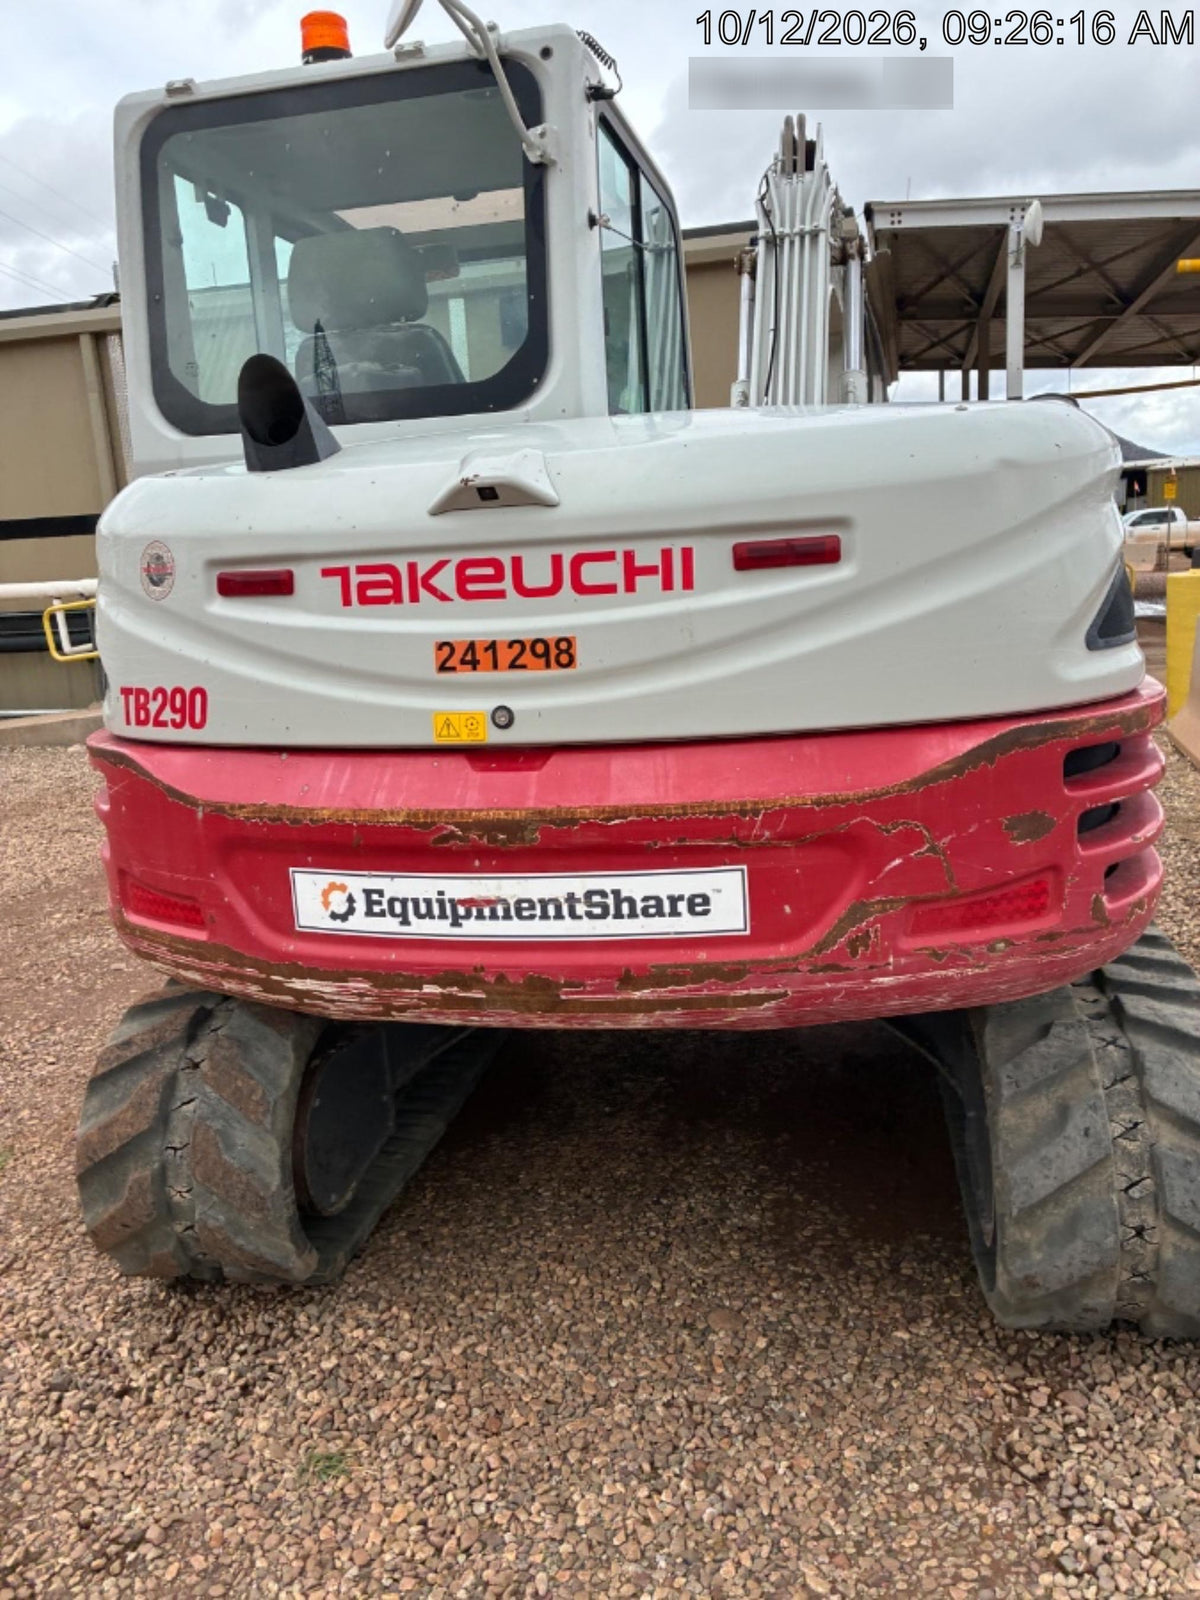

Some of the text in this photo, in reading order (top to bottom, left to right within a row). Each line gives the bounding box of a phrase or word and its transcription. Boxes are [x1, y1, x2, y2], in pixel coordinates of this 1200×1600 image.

[320, 546, 694, 607] TAKEUCHI
[436, 636, 575, 672] 241298
[120, 686, 208, 730] TB290
[362, 887, 711, 928] EquipmentShare

□ □ □

◆ HOW TO COMPLETE THIS TASK ◆
Print, word for word, every entry shown above; the pictures stay out.

◆ EXERCISE RESULT ◆
Some of the text in this photo, in reading order (top to bottom, left to right within a row). Each line gives the bounding box of a phrase or word and its transcription. Boxes are [x1, y1, x2, y2], in pixel coordinates of this 1200×1600 image.

[320, 546, 694, 607] TAKEUCHI
[436, 636, 575, 672] 241298
[120, 686, 208, 730] TB290
[362, 887, 711, 928] EquipmentShare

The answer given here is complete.